**ASSIGNED TASK**:
Starting at the top line, print the entries below exactly as they are and skip every picture.

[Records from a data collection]

----

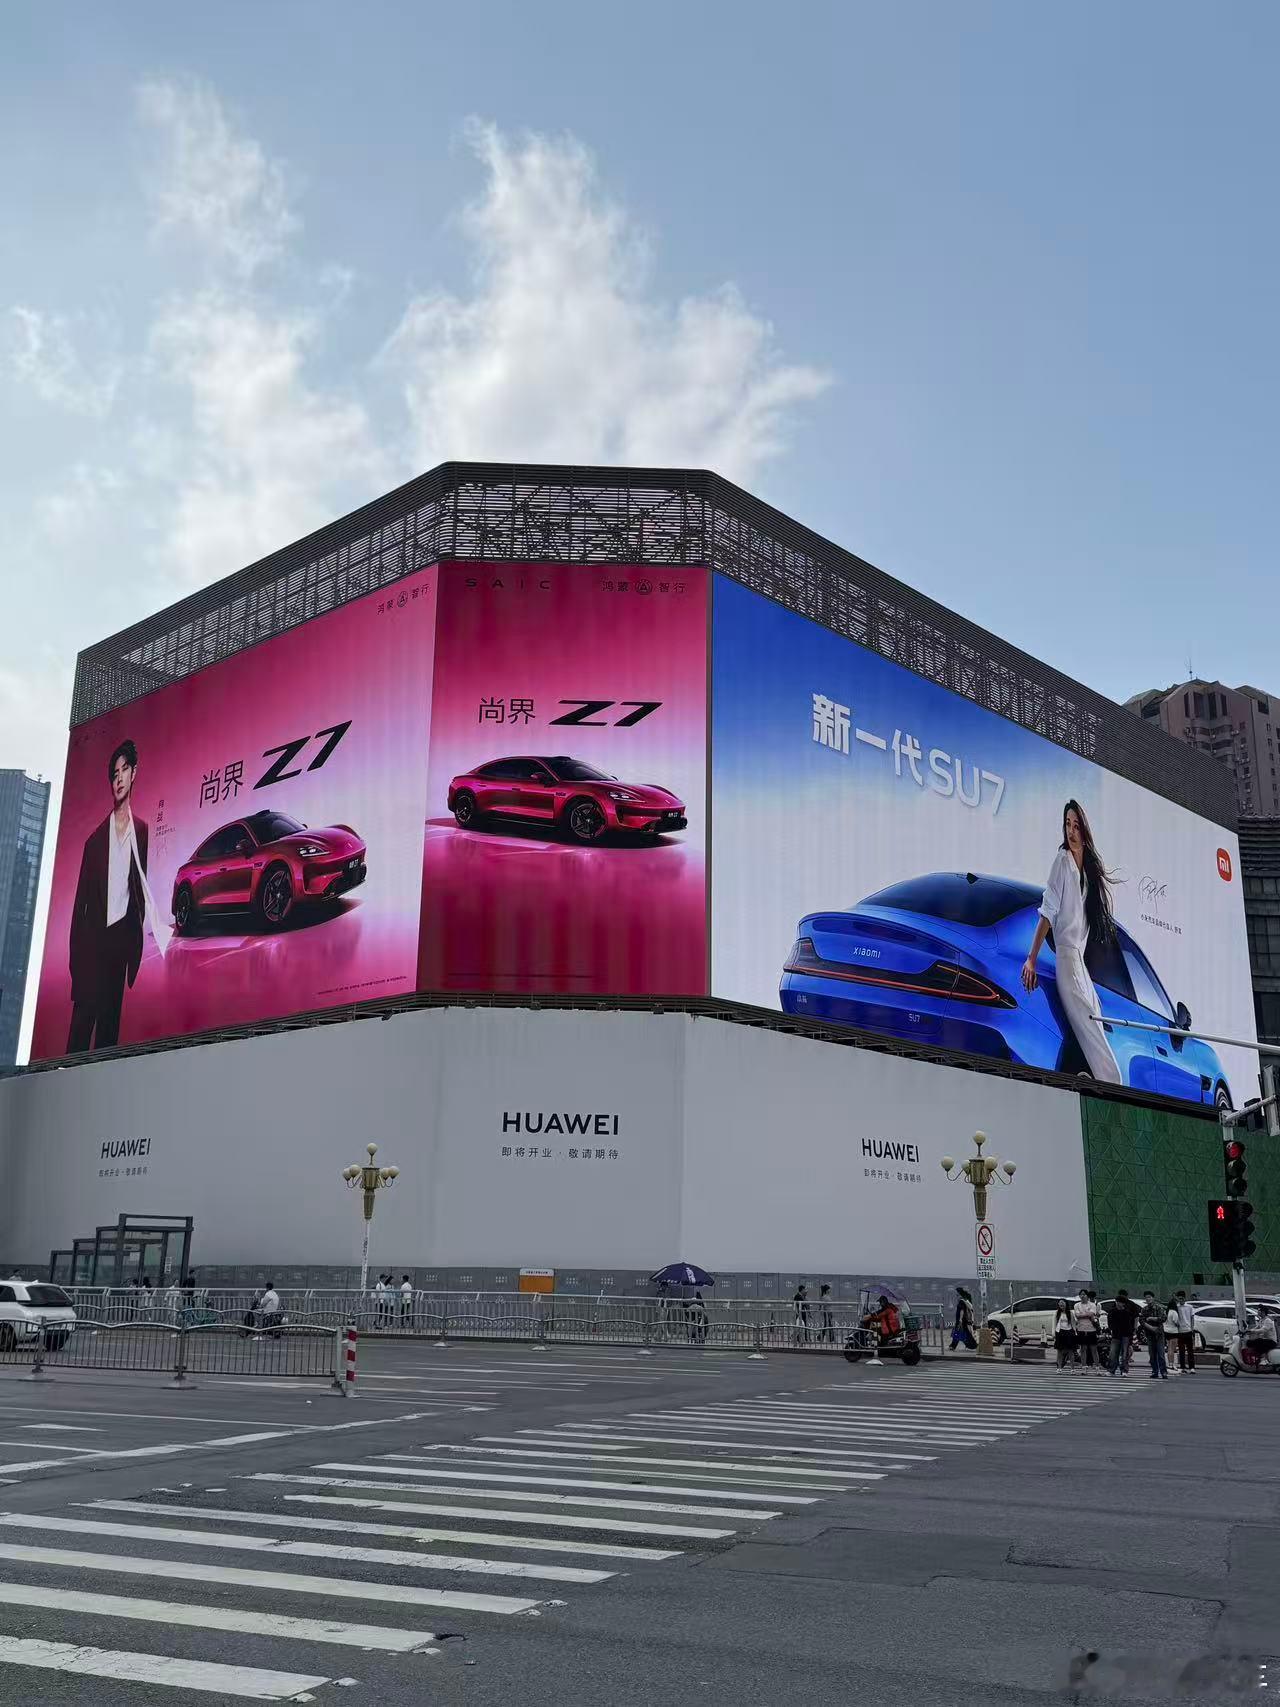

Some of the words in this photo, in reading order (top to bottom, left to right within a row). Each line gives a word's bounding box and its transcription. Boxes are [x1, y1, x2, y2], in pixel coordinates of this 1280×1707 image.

[465, 578, 550, 590] SAIC
[658, 581, 686, 593] 智行
[478, 697, 536, 724] 尚界
[548, 700, 663, 728] Z7
[199, 759, 244, 809] 尚界
[252, 719, 353, 790] Z7
[812, 693, 1006, 816] 新一代SU7
[909, 1013, 921, 1023] SU7
[502, 1111, 619, 1136] HUAWEI
[100, 1137, 151, 1159] HUAWEI
[861, 1137, 920, 1163] HUAWEI
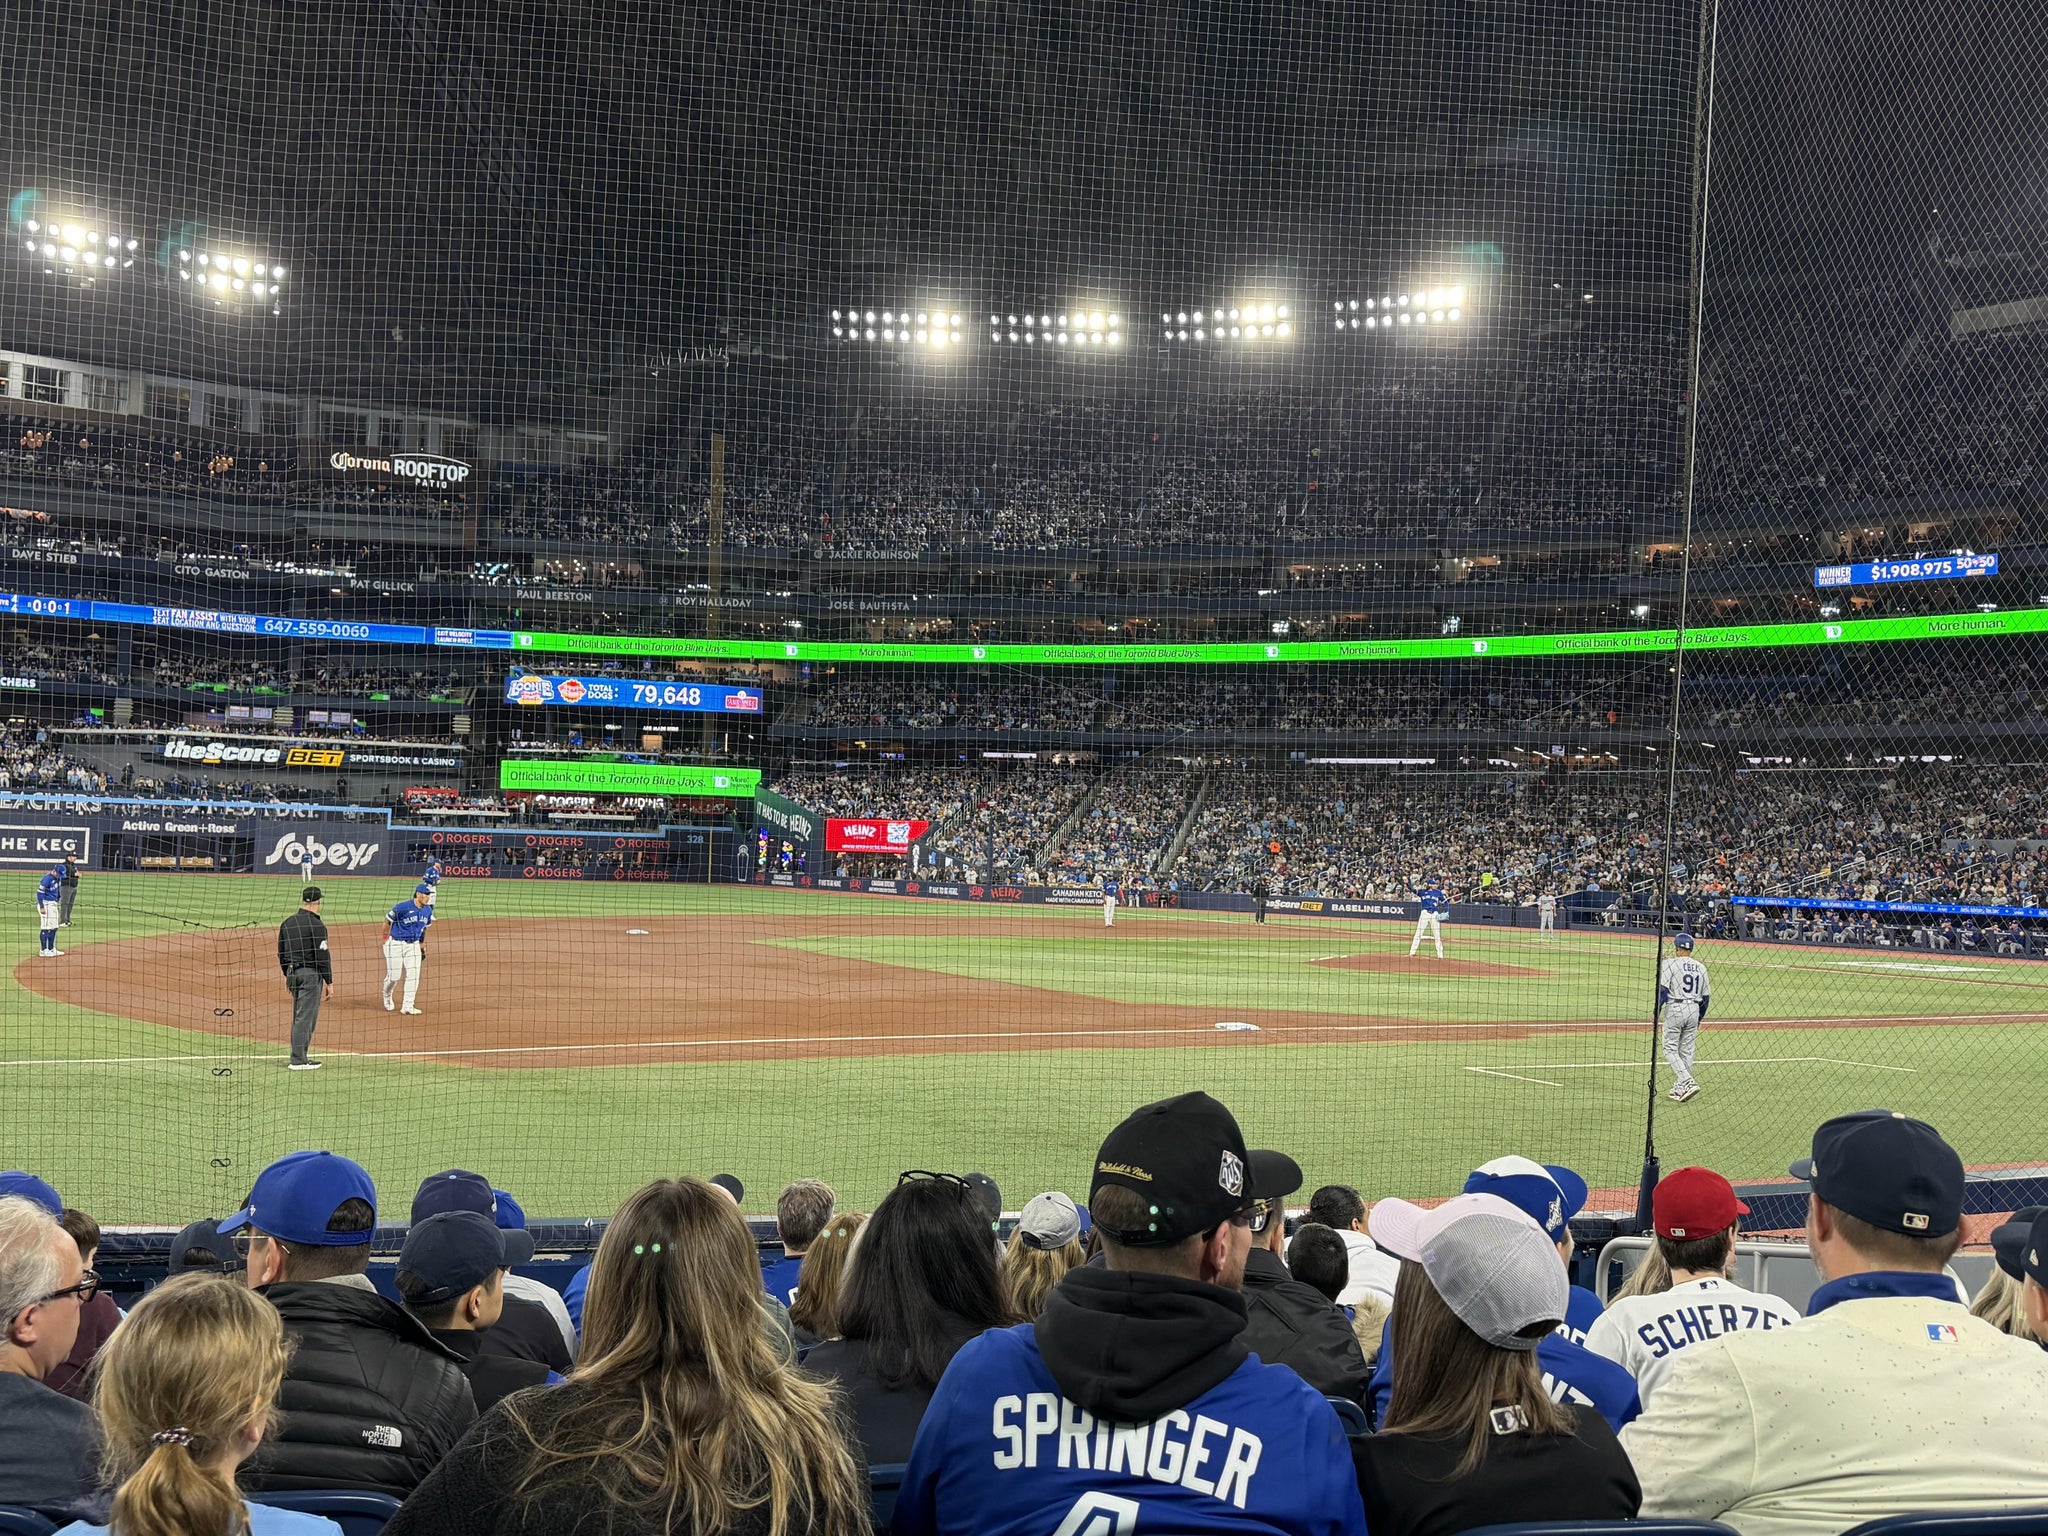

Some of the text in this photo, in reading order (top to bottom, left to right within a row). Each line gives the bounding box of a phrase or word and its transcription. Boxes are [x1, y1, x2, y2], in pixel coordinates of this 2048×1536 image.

[330, 452, 469, 482] Corona ROOFTOP
[415, 478, 447, 489] PATIO
[12, 549, 77, 564] DAVE STIEB
[829, 550, 919, 560] JACKIE ROBINSON
[175, 565, 250, 580] CITO GASTON
[1818, 567, 1852, 578] WINNER
[1871, 561, 1952, 580] $1,908,975
[350, 579, 414, 592] PAT GILLICK
[516, 589, 592, 601] PAUL BEESTON
[32, 599, 42, 613] 0
[47, 600, 57, 614] 0
[64, 602, 71, 615] 1
[675, 596, 752, 608] ROY HALLADAY
[860, 601, 910, 611] BAUTISTA
[171, 609, 188, 619] FAN
[189, 610, 219, 621] ASSIST
[238, 616, 257, 625] YOUR
[264, 619, 370, 638] 647-559-0060
[1928, 619, 2006, 632] More human.
[518, 634, 533, 646] TD
[567, 638, 599, 649] Official
[601, 639, 622, 650] bank
[624, 640, 633, 651] of
[634, 640, 650, 651] the
[651, 641, 684, 653] Toronto
[1555, 637, 1592, 649] Official
[1593, 637, 1619, 648] bank
[1621, 636, 1633, 647] of
[1634, 635, 1650, 646] the
[1693, 632, 1719, 644] Blue
[1721, 632, 1750, 645] Jays.
[1043, 649, 1074, 659] Official
[1075, 649, 1097, 659] bank
[1098, 649, 1108, 659] of
[1108, 649, 1123, 659] the
[1124, 649, 1156, 659] Toronto
[1158, 648, 1177, 658] Blue
[1339, 645, 1400, 656] More human.
[588, 683, 613, 692] TOTAL
[632, 684, 700, 707] 79,648
[163, 741, 342, 765] theScore BET
[350, 753, 455, 767] SPORTSBOOK & CASINO
[510, 770, 706, 788] Official bank of the Toronto Blue Jays.
[713, 775, 729, 788] TD
[123, 820, 237, 834] Active Green+Ross
[757, 801, 762, 816] IT
[762, 803, 773, 821] HAS
[773, 809, 780, 825] TO
[781, 813, 788, 829] BE
[789, 814, 812, 841] HEINZ
[843, 824, 877, 837] HEINZ
[1, 837, 77, 851] HE KEG
[447, 834, 493, 844] ROGERS
[539, 836, 584, 847] ROGERS
[628, 838, 671, 849] ROGERS
[687, 835, 704, 844] 328
[266, 832, 379, 870] Sobeys
[445, 866, 491, 876] ROGERS
[538, 868, 583, 878] ROGERS
[628, 870, 670, 880] ROGERS
[991, 886, 1022, 899] HEINZ
[1052, 889, 1084, 897] CANADIAN
[1302, 902, 1322, 911] BET
[1331, 903, 1405, 915] BASELINE BOX
[1683, 974, 1700, 994] 91
[1637, 1303, 1791, 1358] SCHERZE
[362, 1430, 390, 1439] NORTH
[375, 1425, 390, 1433] THE
[367, 1438, 390, 1446] FACE
[993, 1392, 1263, 1510] SPRINGER

----

**OUTPUT FOR THIS TASK**:
Some of the words in this photo, in reading order (top to bottom, left to right within a row). Each line gives a word's bounding box and its transcription. Boxes are [x1, y1, x2, y2], in pixel coordinates of this 1280×1707 image.

[465, 578, 550, 590] SAIC
[658, 581, 686, 593] 智行
[478, 697, 536, 724] 尚界
[548, 700, 663, 728] Z7
[199, 759, 244, 809] 尚界
[252, 719, 353, 790] Z7
[812, 693, 1006, 816] 新一代SU7
[909, 1013, 921, 1023] SU7
[502, 1111, 619, 1136] HUAWEI
[100, 1137, 151, 1159] HUAWEI
[861, 1137, 920, 1163] HUAWEI

Some of the text in this photo, in reading order (top to bottom, left to right within a row). Each line gives the bounding box of a phrase or word and its transcription. Boxes are [x1, y1, x2, y2], in pixel coordinates of this 2048×1536 image.

[330, 452, 469, 482] Corona ROOFTOP
[415, 478, 447, 489] PATIO
[12, 549, 77, 564] DAVE STIEB
[829, 550, 919, 560] JACKIE ROBINSON
[175, 565, 250, 580] CITO GASTON
[1818, 567, 1852, 578] WINNER
[1871, 561, 1952, 580] $1,908,975
[350, 579, 414, 592] PAT GILLICK
[516, 589, 592, 601] PAUL BEESTON
[32, 599, 42, 613] 0
[47, 600, 57, 614] 0
[64, 602, 71, 615] 1
[675, 596, 752, 608] ROY HALLADAY
[860, 601, 910, 611] BAUTISTA
[171, 609, 188, 619] FAN
[189, 610, 219, 621] ASSIST
[238, 616, 257, 625] YOUR
[264, 619, 370, 638] 647-559-0060
[1928, 619, 2006, 632] More human.
[518, 634, 533, 646] TD
[567, 638, 599, 649] Official
[601, 639, 622, 650] bank
[624, 640, 633, 651] of
[634, 640, 650, 651] the
[651, 641, 684, 653] Toronto
[1555, 637, 1592, 649] Official
[1593, 637, 1619, 648] bank
[1621, 636, 1633, 647] of
[1634, 635, 1650, 646] the
[1693, 632, 1719, 644] Blue
[1721, 632, 1750, 645] Jays.
[1043, 649, 1074, 659] Official
[1075, 649, 1097, 659] bank
[1098, 649, 1108, 659] of
[1108, 649, 1123, 659] the
[1124, 649, 1156, 659] Toronto
[1158, 648, 1177, 658] Blue
[1339, 645, 1400, 656] More human.
[588, 683, 613, 692] TOTAL
[632, 684, 700, 707] 79,648
[163, 741, 342, 765] theScore BET
[350, 753, 455, 767] SPORTSBOOK & CASINO
[510, 770, 706, 788] Official bank of the Toronto Blue Jays.
[713, 775, 729, 788] TD
[123, 820, 237, 834] Active Green+Ross
[757, 801, 762, 816] IT
[762, 803, 773, 821] HAS
[773, 809, 780, 825] TO
[781, 813, 788, 829] BE
[789, 814, 812, 841] HEINZ
[843, 824, 877, 837] HEINZ
[1, 837, 77, 851] HE KEG
[447, 834, 493, 844] ROGERS
[539, 836, 584, 847] ROGERS
[628, 838, 671, 849] ROGERS
[687, 835, 704, 844] 328
[266, 832, 379, 870] Sobeys
[445, 866, 491, 876] ROGERS
[538, 868, 583, 878] ROGERS
[628, 870, 670, 880] ROGERS
[991, 886, 1022, 899] HEINZ
[1052, 889, 1084, 897] CANADIAN
[1302, 902, 1322, 911] BET
[1331, 903, 1405, 915] BASELINE BOX
[1683, 974, 1700, 994] 91
[1637, 1303, 1791, 1358] SCHERZE
[362, 1430, 390, 1439] NORTH
[375, 1425, 390, 1433] THE
[367, 1438, 390, 1446] FACE
[993, 1392, 1263, 1510] SPRINGER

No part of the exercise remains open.